L'episodio non è un caso isolato. Nel 2021, un professore dell'Università Centrale «Marta Abreu» di Las Villas ha lanciato un allerta pubblicamente riguardo agli errori ortografici nelle teleclassi educative trasmesse dalla televisione cubana, e nello stesso anno è stata rilevata la parola «DESICIÓN» nei sottotitoli del Noticiero Estelar.
La scena di Alamar si svolge nel contesto di una crisi educativa che la stessa ministra dell'Istruzione, Naima Ariatne Trujillo Barreto, ha definito «molto difficile» prima che suonasse il primo campanello dell'anno.

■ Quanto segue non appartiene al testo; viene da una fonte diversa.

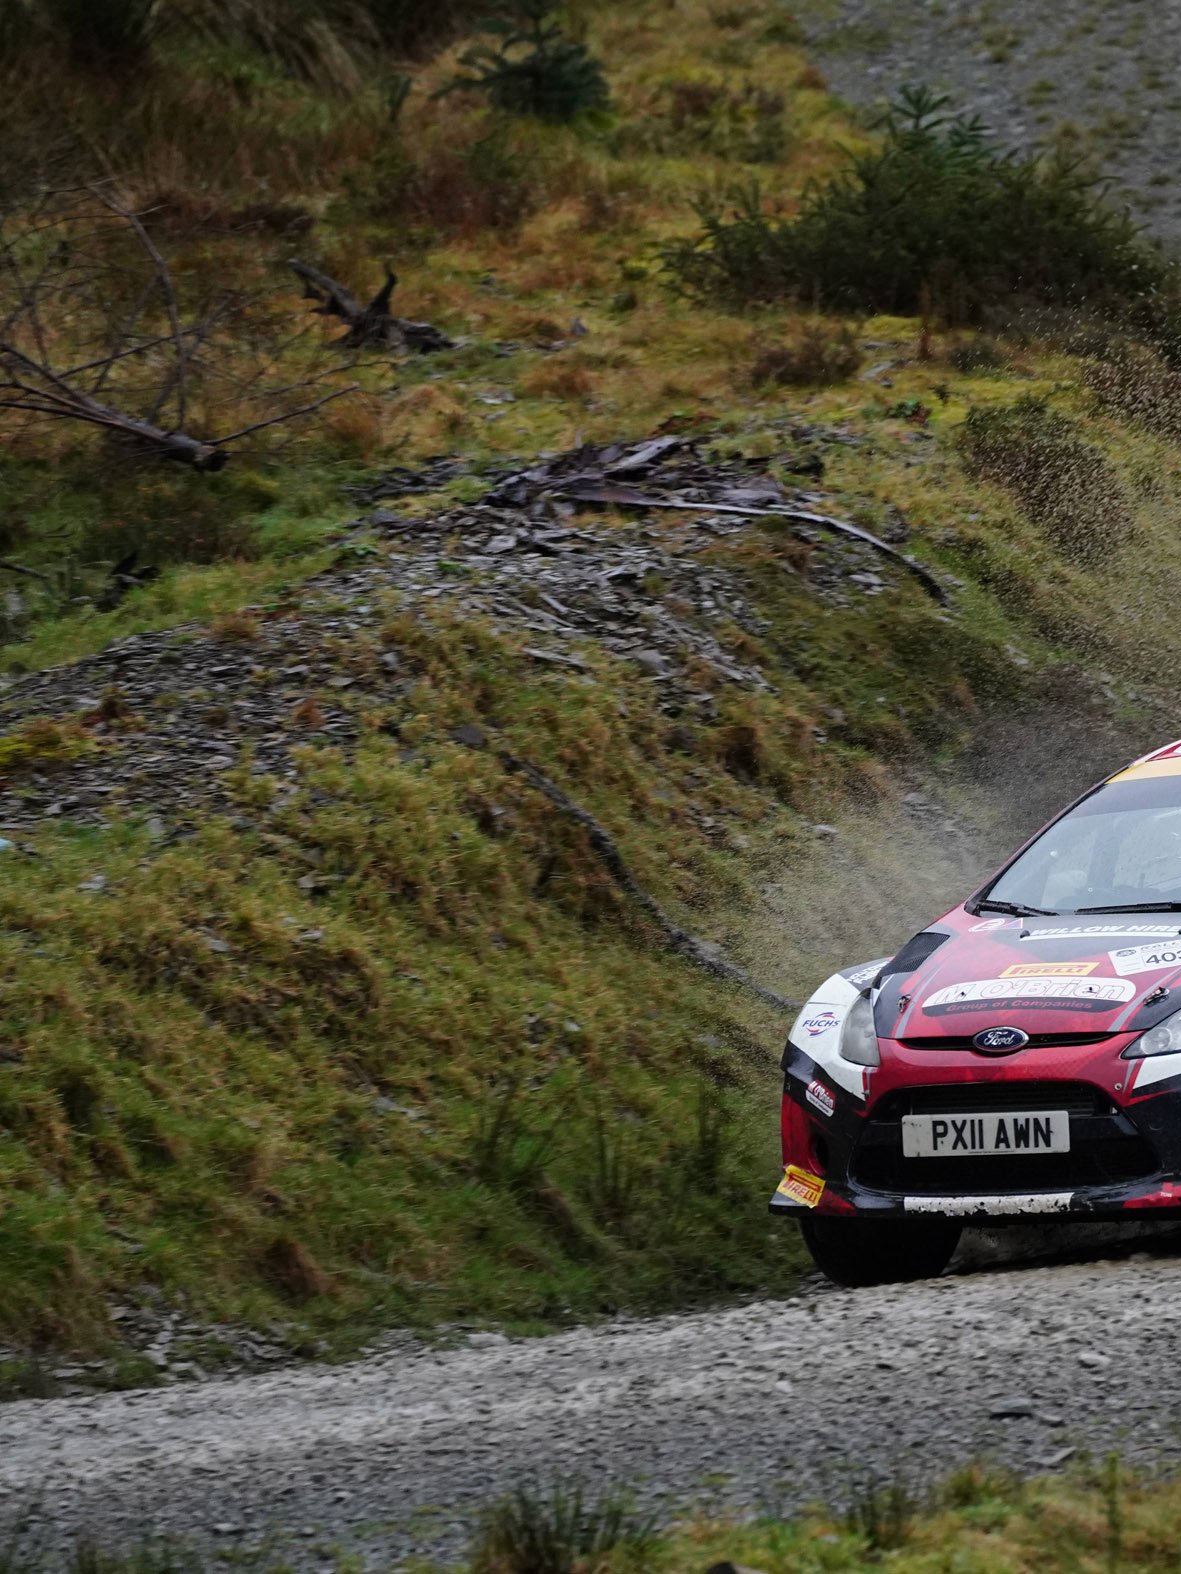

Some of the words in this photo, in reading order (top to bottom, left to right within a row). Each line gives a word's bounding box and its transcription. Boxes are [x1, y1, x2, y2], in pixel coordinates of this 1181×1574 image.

Il corso è iniziato con una copertura docente di appena il 73%, secondo dati raccolti da Infobae. Solo il 12% degli alunni delle scuole elementari disponeva di uniformi nuove, e le interruzioni di corrente colpirono fino al 70% del paese durante le ore di maggiore richiesta, secondo dati dell'Unione Elettrica diffusi dall'agenzia EFE.
Il deficit di insegnanti è alla radice del problema. Per l'anno scolastico 2024-2025, i posti vacanti nelle scuole cubane hanno raggiunto le 24.000, equivalenti al 12,5% del totale previsto. Per coprire queste lacune, il sistema ricorre a studenti universitari, pensionati reintegrati e insegnanti che impartiscono materie al di fuori della loro specializzazione, un'improvvisazione che ha conseguenze dirette e visibili sulla qualità dell'insegnamento.
Più di 1,5 milioni di bambini e adolescenti sono tornati nelle aule martedì in tutta Cuba. Per molti di loro, il primo messaggio scritto che hanno visto entrando in aula conteneva un errore ortografico.